1. The VR resurgence is making the same mistakes it did in the 1990’s
Personally I’m way more interested in the near-term applications for augmented reality than I am for immersive virtual reality. I’ve been a VR booster since the 90’s when REND 386 and a Nintendo Power Glove were the pinnacle of DIY virtual reality.

Don’t let VR go wrong again!” is a blog post you should read right now, because it’s by Jacquelyn “Jacki” Morie, a VR pioneer who sees the same mistakes being made by Oculus Rift and other leaders of the VR industry that caused the technology to hit a trough of disillusionment in the early 90s. Part of the problem is a resurgence of breathless headlines like “Could Oculus Rift bring people back from the dead?” (yes, really) which inevitably lead to disaster:

“What sensational headlines like these do is create extremely unreasonable expectations for VR – the same thing that happened towards the end of the 1990s in VR’s first popularization,” she writes. “When those promises don’t pan out, then people are disappointed and things start to falter.”

Another part of the problem is a generation gap, because many of today’s VR industry leaders were barely around for VR’s first wave. (Oculus Rift founder Palmer Luckey was born in 1992.)

“That’s a big part of it,” Jacki tells me, “but the other part is people with a long history in film and related media who want to take what they know and ride the VR wave.

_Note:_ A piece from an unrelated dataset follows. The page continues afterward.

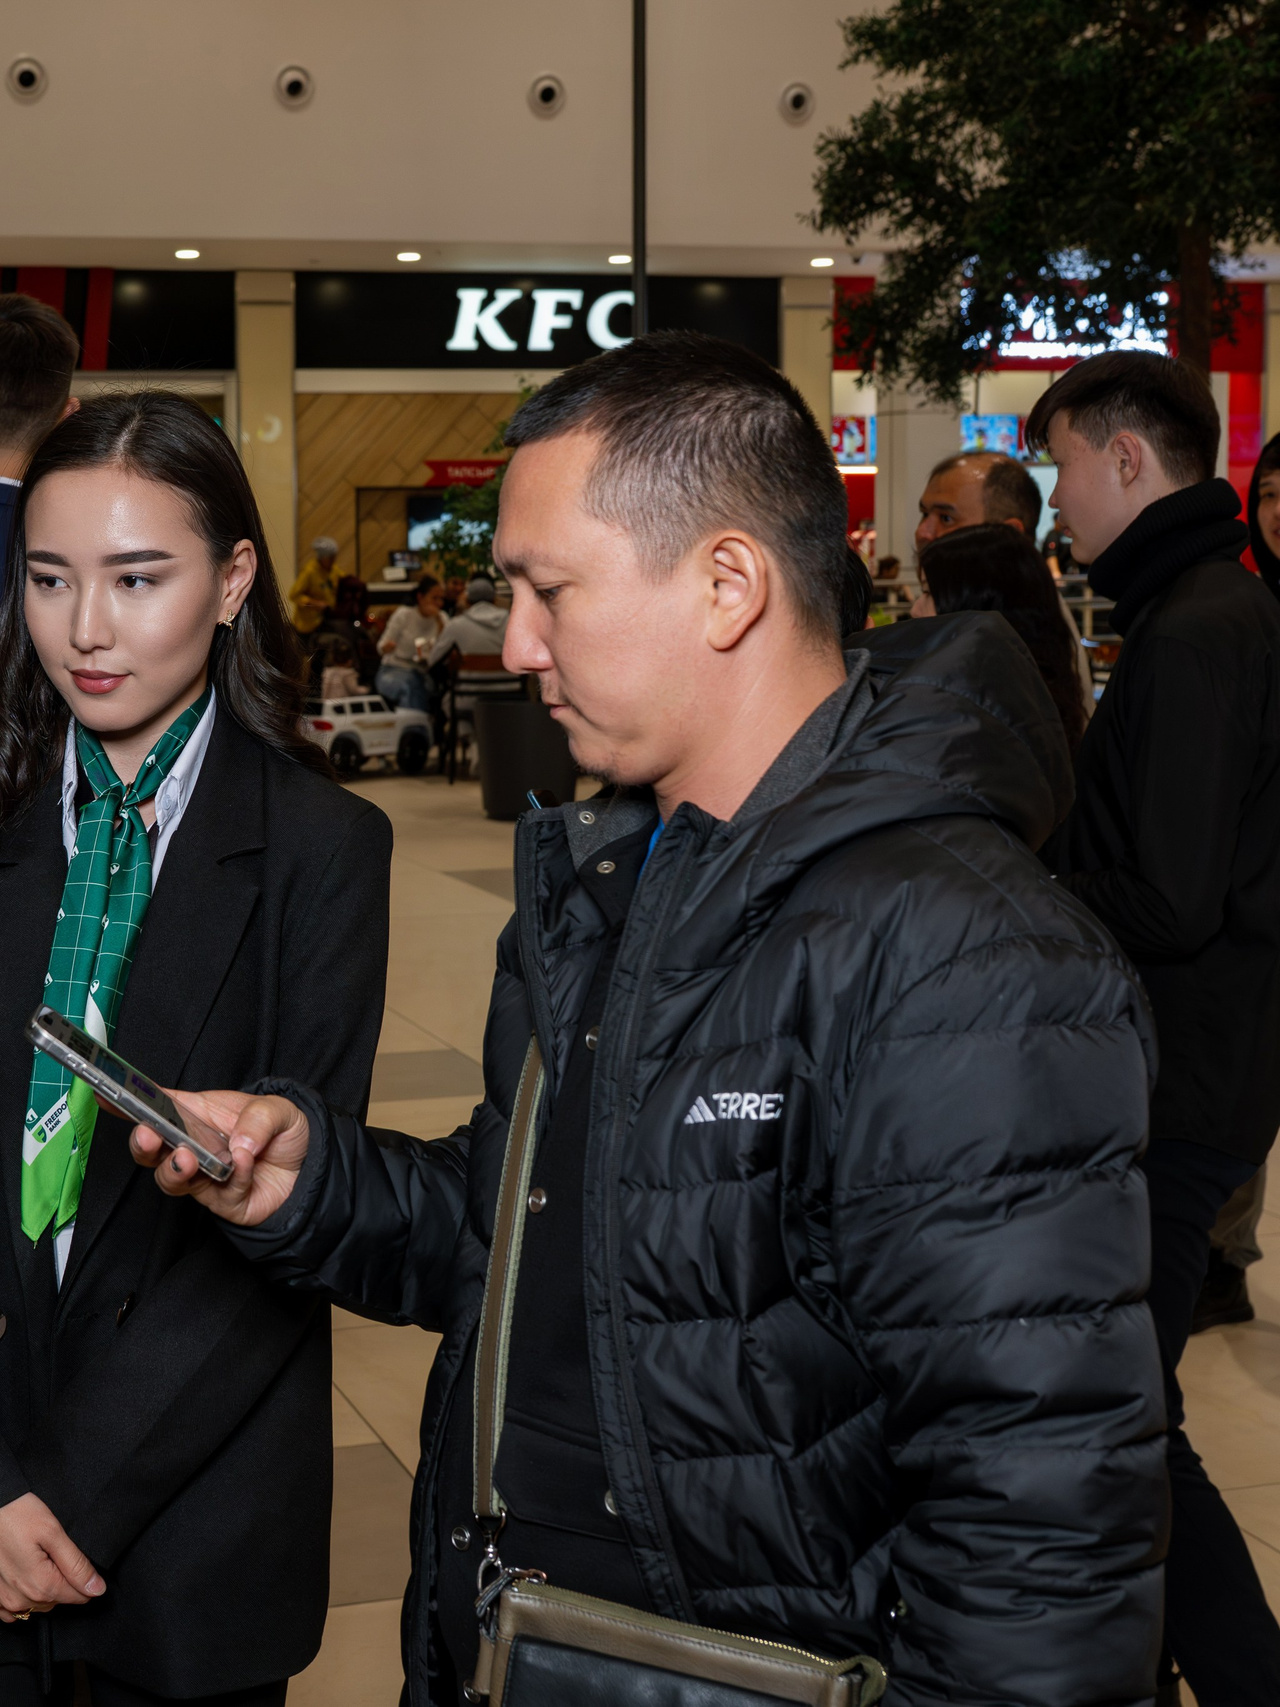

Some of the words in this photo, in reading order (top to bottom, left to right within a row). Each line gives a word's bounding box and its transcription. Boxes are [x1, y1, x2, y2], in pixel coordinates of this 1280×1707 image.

[446, 287, 635, 352] KFC
[447, 466, 496, 478] ТАПСЫР
[48, 1119, 61, 1133] BANK

That is why we have Cinematic VR – which is not really interactive, immersive VR as VR can really be experienced.”

Another problem is that the tech press is focused too much on covering venture funding of VR, as opposed to VR innovators: “I’d like to see more people really pushing the envelope on what VR could be. And I’d like the press to follow those people and their work, rather than just reporting on who got the latest big round of VC financing. VCs are not really investing in the full potential of VR – but on what today’s media consumers know and feel comfortable with – just put into a sexy HMD. I don’t have high hopes for the press doing that though.”

2. Feed Spiders Carbon Nanotubes and Graphene to get super-silk
And what if we feed the same to Silkworms? No more dry-clean only?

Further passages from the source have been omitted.